【R】Kerasを使ってみる(Boston housing)
2020年10月12日
1. はじめに
Kerasをどんどん使って、とりあえず慣れようとしてます。今回もTensorflowのtutorialから、Regressionをやってみます。
ここでは、離散ラベルを予測する分類ではなく、連続値を扱う回帰を行います。
2. 使ってみる
2.1 データ
データは、頻出するThe Boston Housing Prices datasetです。1970年代中盤のボストン近郊の住宅価格の中央値を、住宅の仕様や周囲の環境でまとめたものです。データとしては、比較的小さく学習用に404、テスト用に102の合計506のデータです。目的変数は、住宅価格です。
学習用、テスト用のデータをデータトラベルに分けて読み込みます。
library(tidyverse) library(keras) library(tfdatasets) boston_housing <- dataset_boston_housing() c(train_data, train_labels) %<-% boston_housing$train c(test_data, test_labels) %<-% boston_housing$test
データは、13の項目からなっています。MEDVが目的変数(単位:$1,000)です。

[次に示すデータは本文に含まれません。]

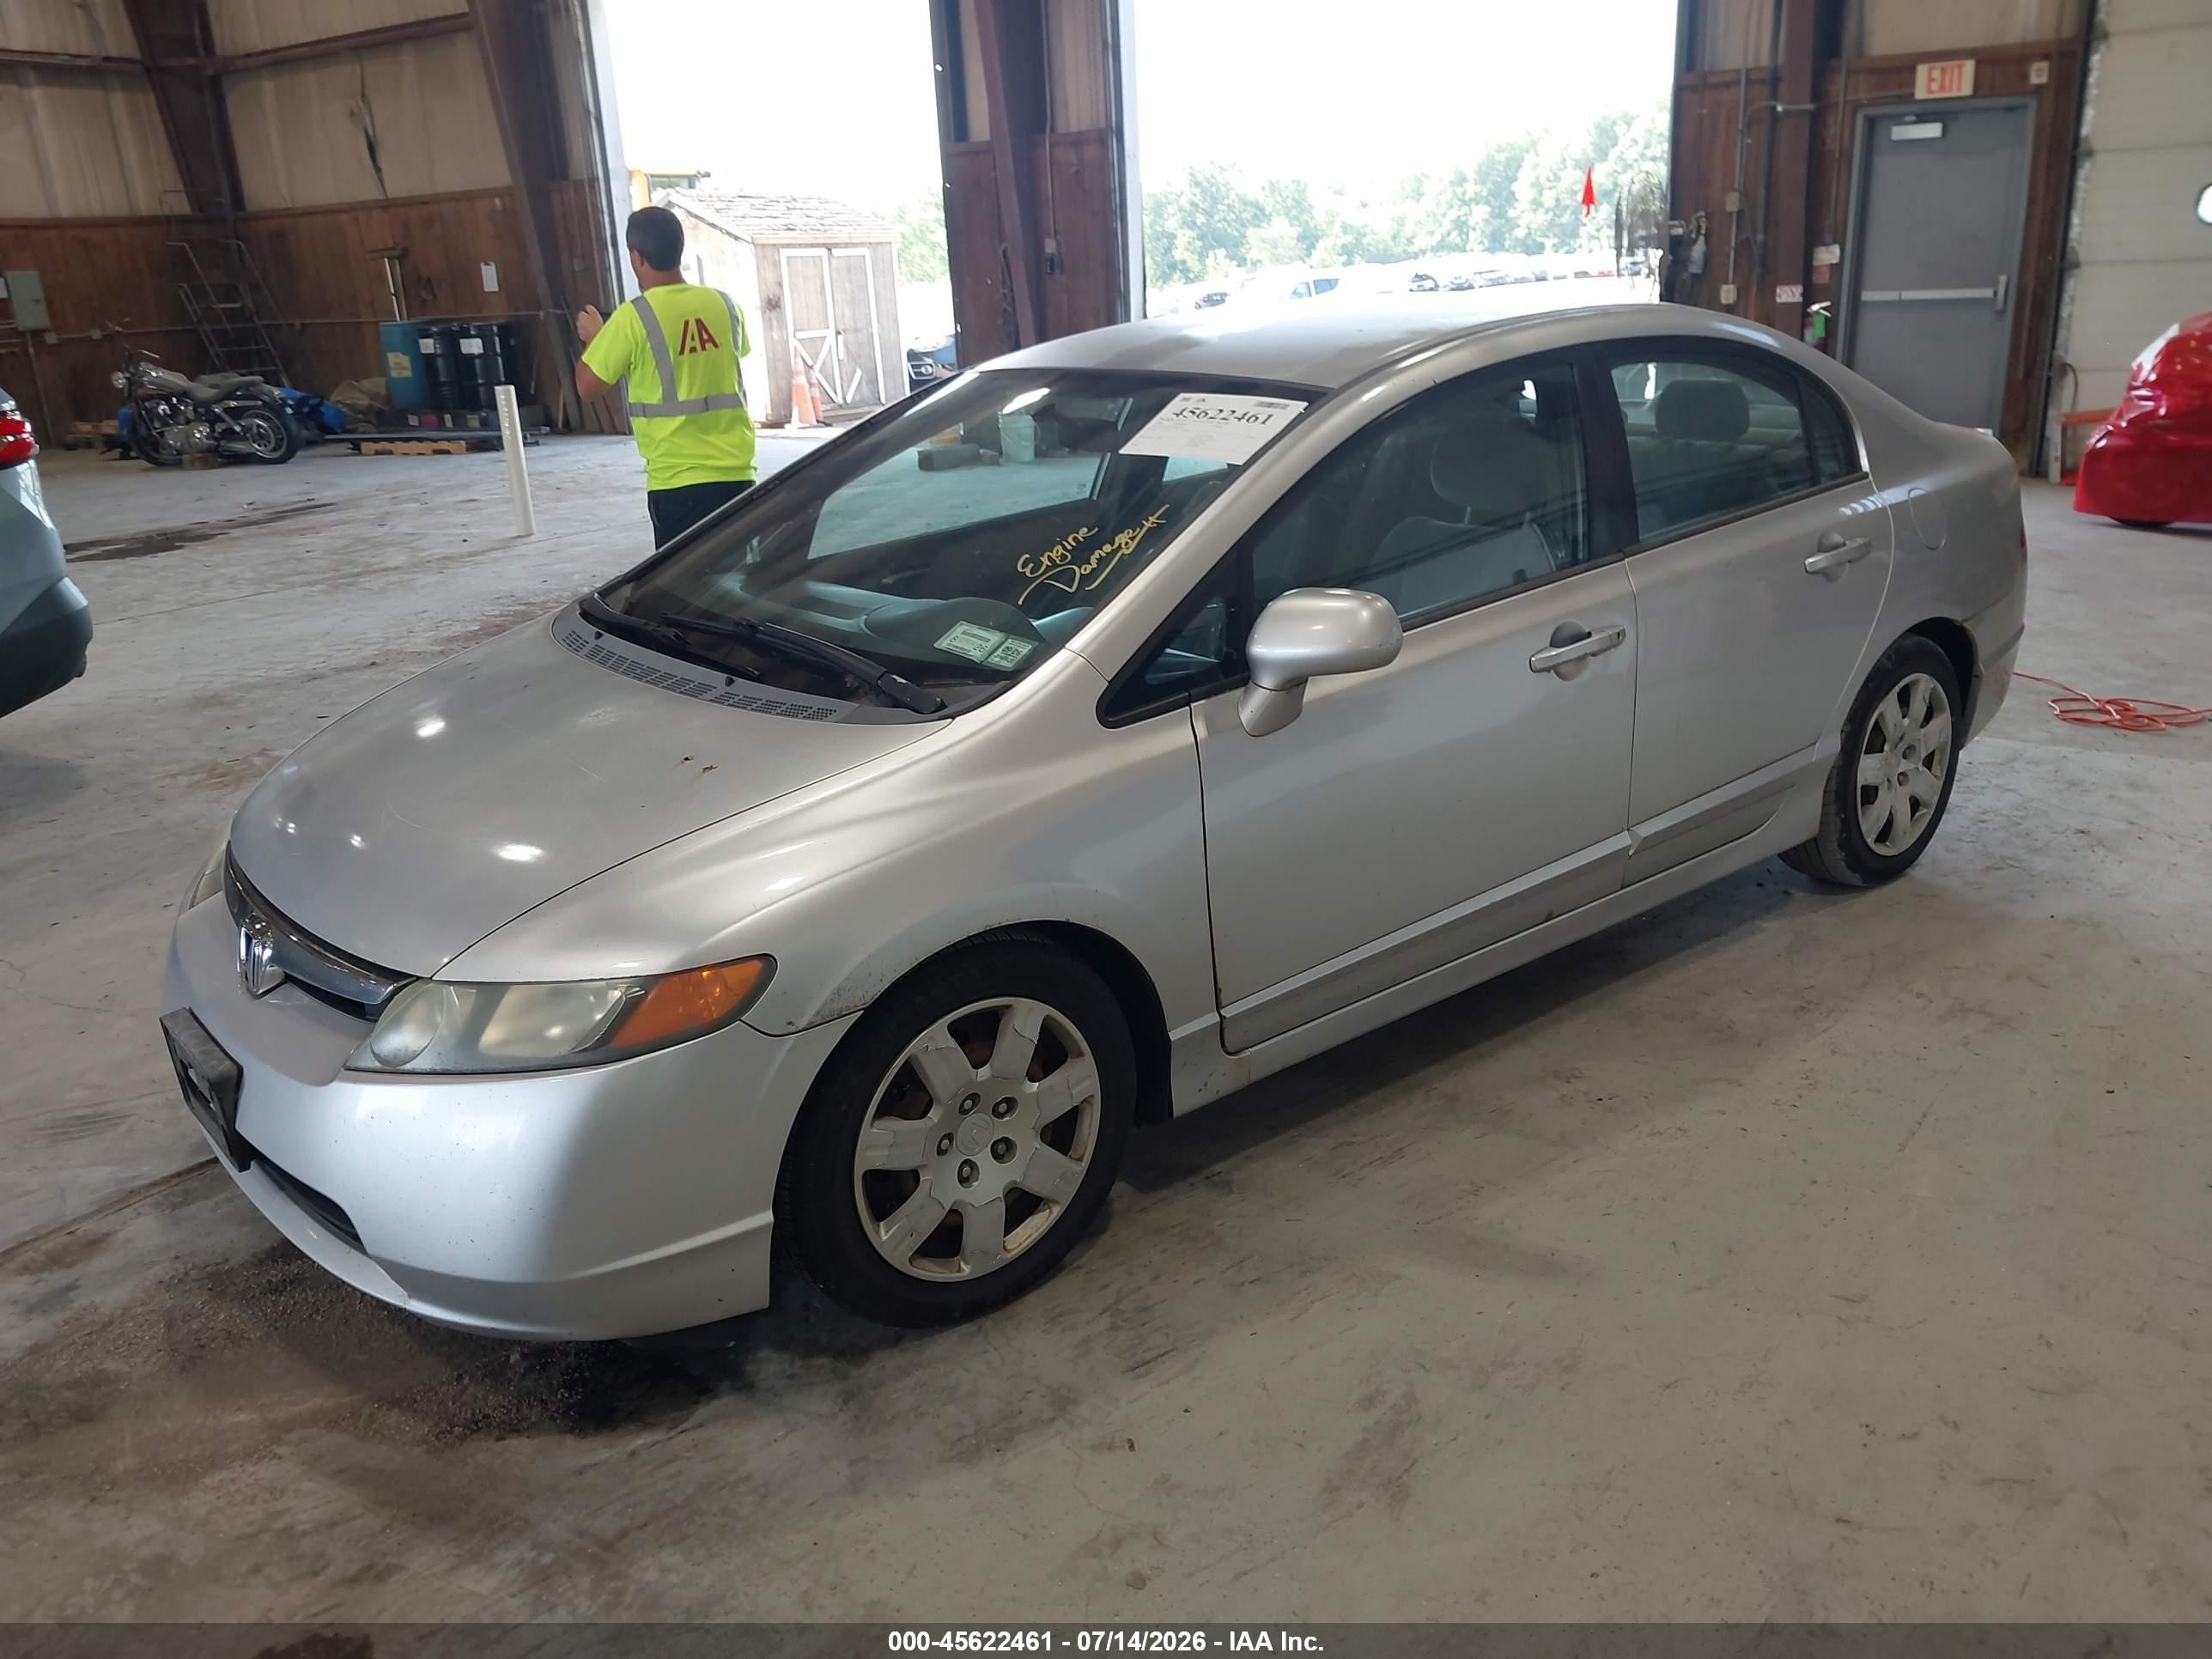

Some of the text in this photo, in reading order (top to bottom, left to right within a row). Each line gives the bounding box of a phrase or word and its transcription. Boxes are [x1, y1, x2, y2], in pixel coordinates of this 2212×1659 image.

[1926, 62, 1966, 96] EXIT
[1173, 406, 1274, 426] 45622461
[1017, 526, 1099, 579] Engine

CRIM - per capita crime rate by town
ZN - proportion of residential land zoned for lots over 25,000 sq.ft.
INDUS - proportion of non-retail business acres per town.
CHAS - Charles River dummy variable (1 if tract bounds river; 0 otherwise)
NOX - nitric oxides concentration (parts per 10 million)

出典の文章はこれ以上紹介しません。